Canada's new government has begun scrapping their controversial gun-registration program, and the incoming minister of Public Security warns his countrymen that the total cost of the program will shock them. However, the program had hidden, non-monetary costs that may only become apparent when viewed in a wider context:

Canadians will be shocked by the true cost of the federal government's ill-fated gun registry, says new Public Security Minister Stockwell Day.

Day told The Canadian Press that figures bureaucrats have shown him during briefings for his new portfolio are much higher than previously thought. He would not divulge what the tab is, but said it's upsetting. ...

When the Liberals added the registry to the federal gun control program in 1995, they said it would cost taxpayers no more than $2 million. But the most recent estimates put the figure in the hundreds of millions of dollars, bringing the total cost of the gun program to more than $1 billion.

At last estimate, the gun program was said to be consuming $90 million a year to maintain.

While Dan Dugas at the Canadian Press includes quotes from incoming officials of the new Tory government that talk about freeing resources for actual law enforcement with the savings, he misses one subtle but important point. The RCMP did not get the full funding necessary for the registration program, in part because the Liberals kept insisting that it didn't cost as much as it did. In order to run the registry, the RCMP had to eat up internal resources to keep up with the registry's mandate. This has been an issue that Newsbeat1 has followed for several months.

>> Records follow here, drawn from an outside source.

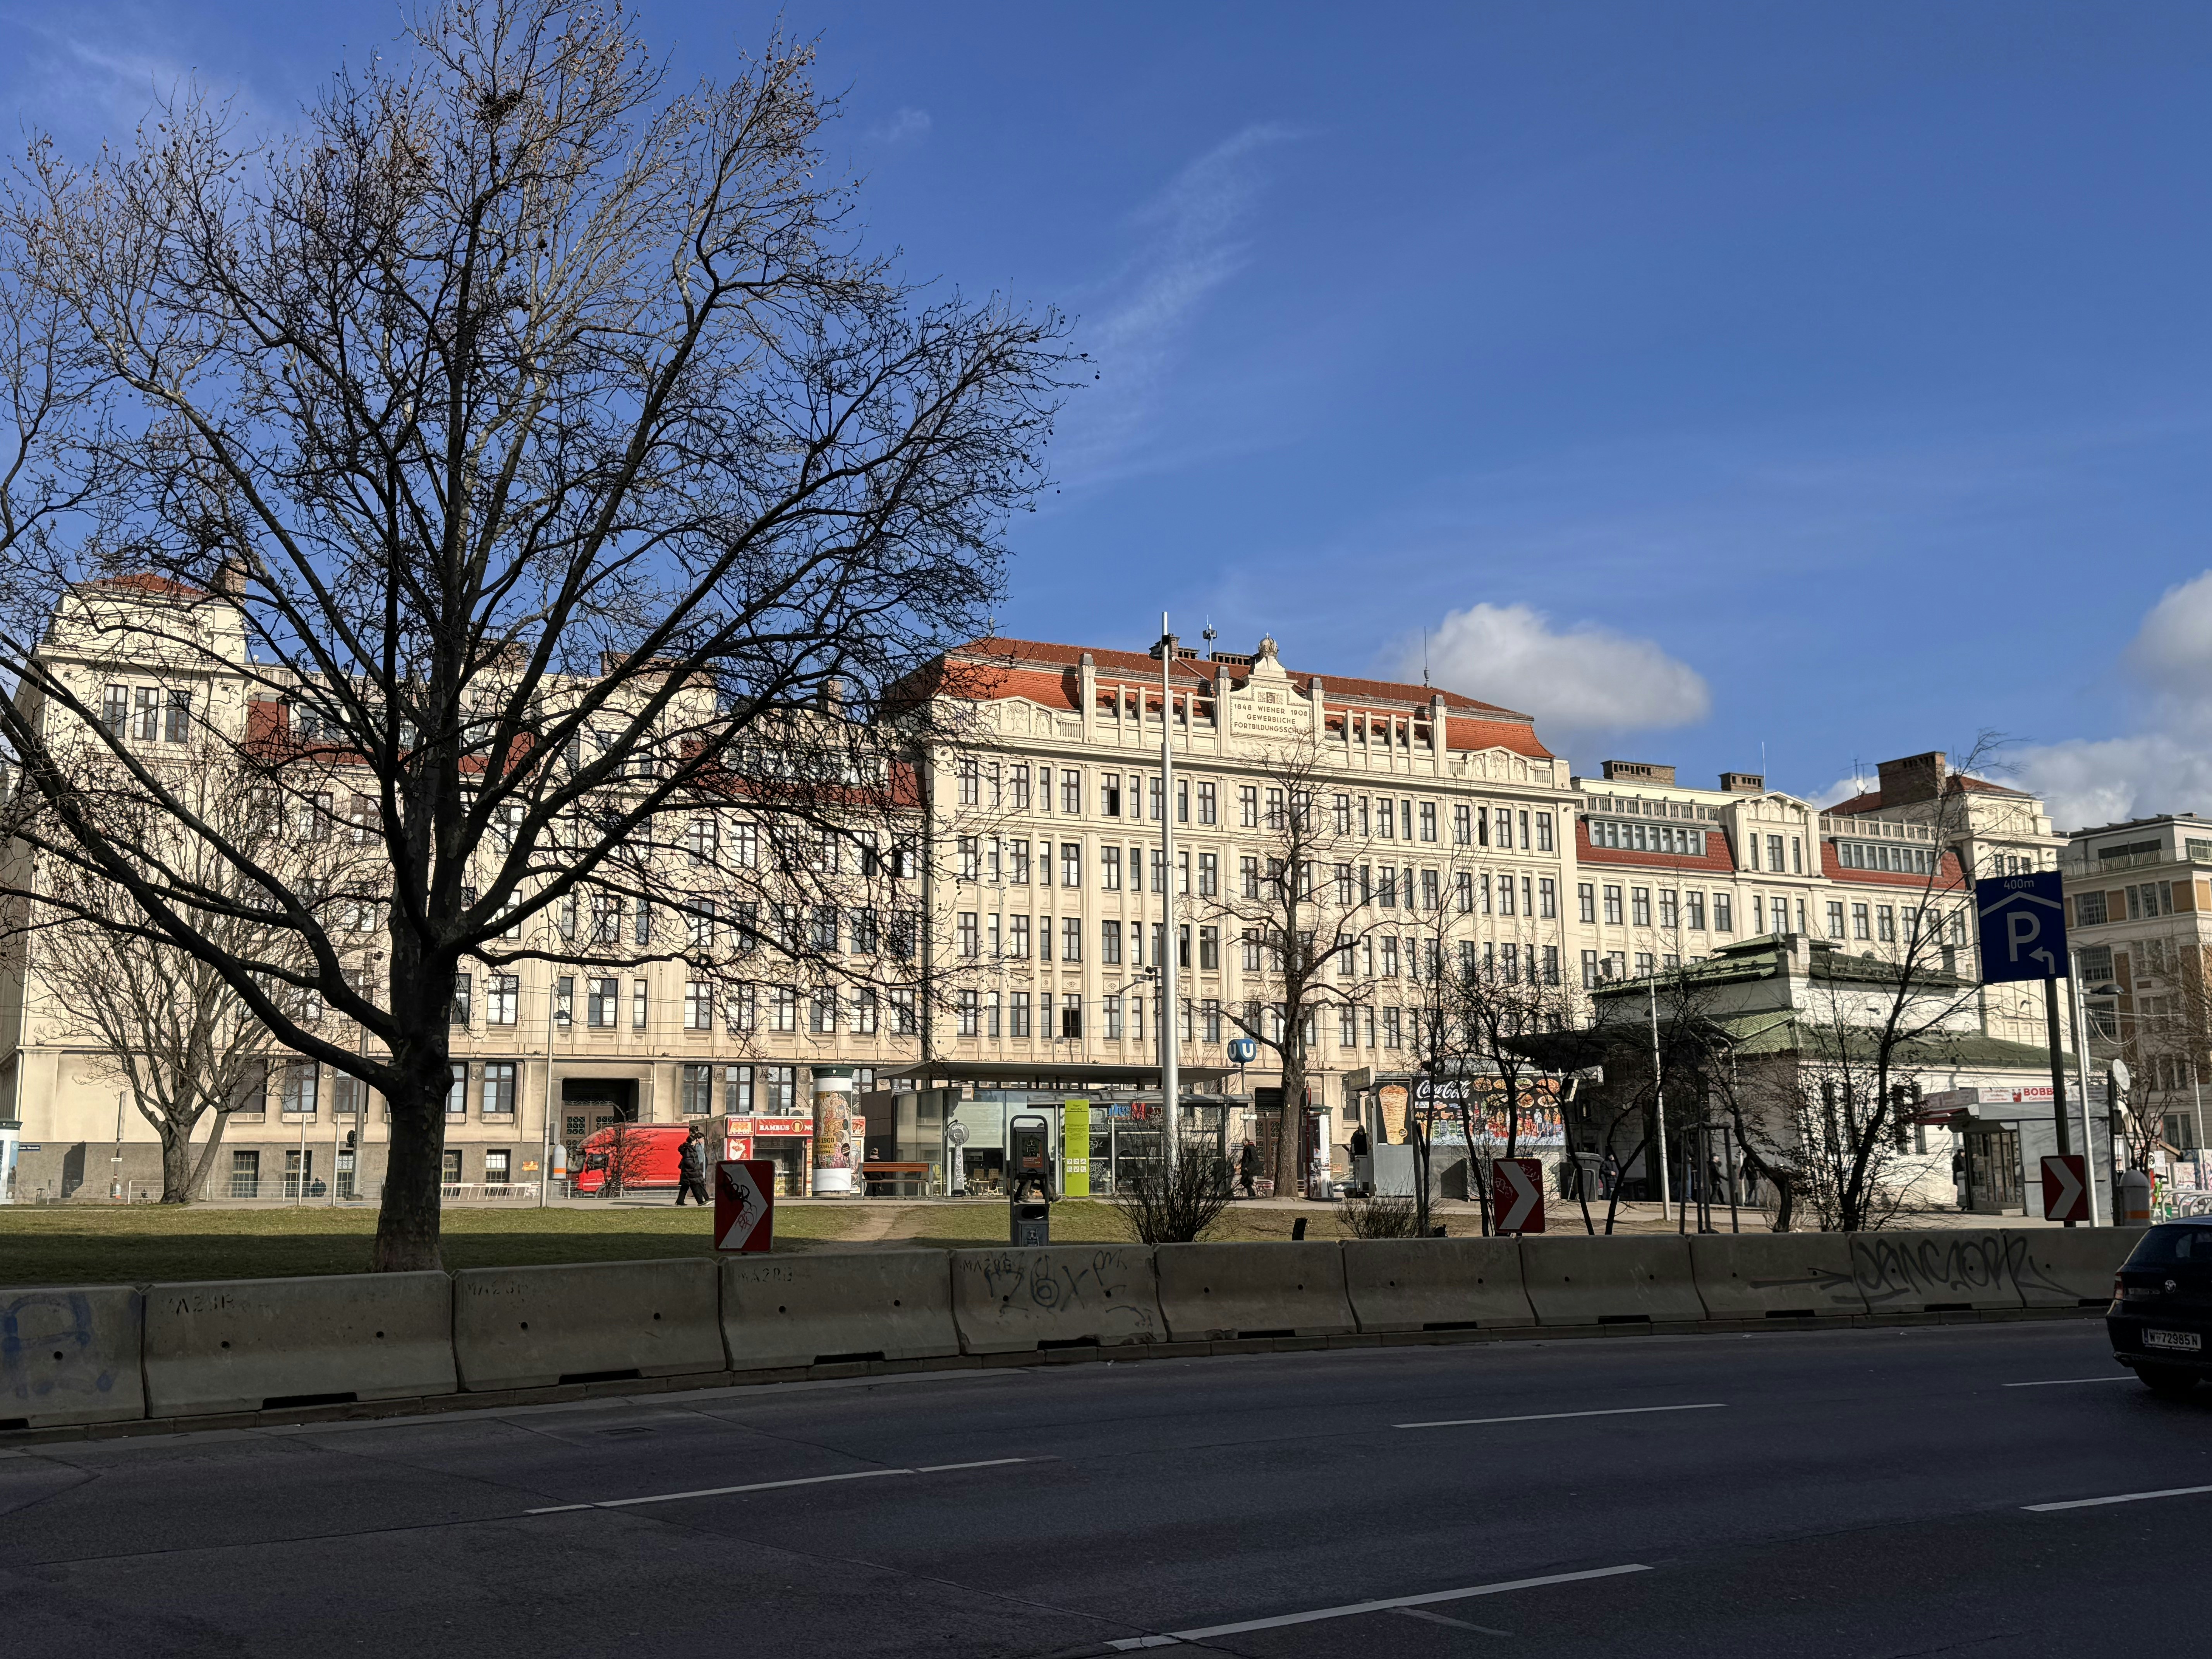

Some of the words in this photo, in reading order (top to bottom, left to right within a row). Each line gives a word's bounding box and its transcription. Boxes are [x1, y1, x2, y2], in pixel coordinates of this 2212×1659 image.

[1258, 706, 1285, 714] WIENER
[1247, 714, 1296, 725] GEWERBLICHE
[1234, 722, 1308, 734] FORTBILDUNGSSCHULE
[2004, 879, 2034, 890] 400m
[2007, 911, 2040, 962] P
[1229, 1044, 1237, 1059] U
[1242, 1043, 1254, 1058] U

Why is that so significant? Americans may not relate to this, but in Canada's parliamentary system, the government only gets checked by the Commons and the RCMP, which has the power and resources to investigate government malfeasance -- under normal circumstances. However, the government exists because it controls either a majority of seats or the support of a coalition of parties that comprise a majority. Unless and until that majority decides that the government has acted so egregiously that MPs are willing to throw their own party or coalition out of power, the only political check comes at mandated election times.

The RCMP, as the national law-enforcement agency, can act independently to investigate corruption and malfeasance. However, it needs the time and resources to do that. A government that wanted to avoid having the RCMP looking into its actions -- say in Adscam or other hidden scandals -- could handicap the agency by burdening it with a populist but massive new program, selling it as a low-cost civic safety program, and then underfunding it so that it ate up all of the agency's resources. That would leave the agency with no time and no people for other efforts, including political investigations.

When Canadians calculate this massive bill that Day warns will upset the electorate, they should also consider these non-monetary costs as well. (Alphecca has more thoughts on the general uselessness of registration programs in general, via Instapundit.)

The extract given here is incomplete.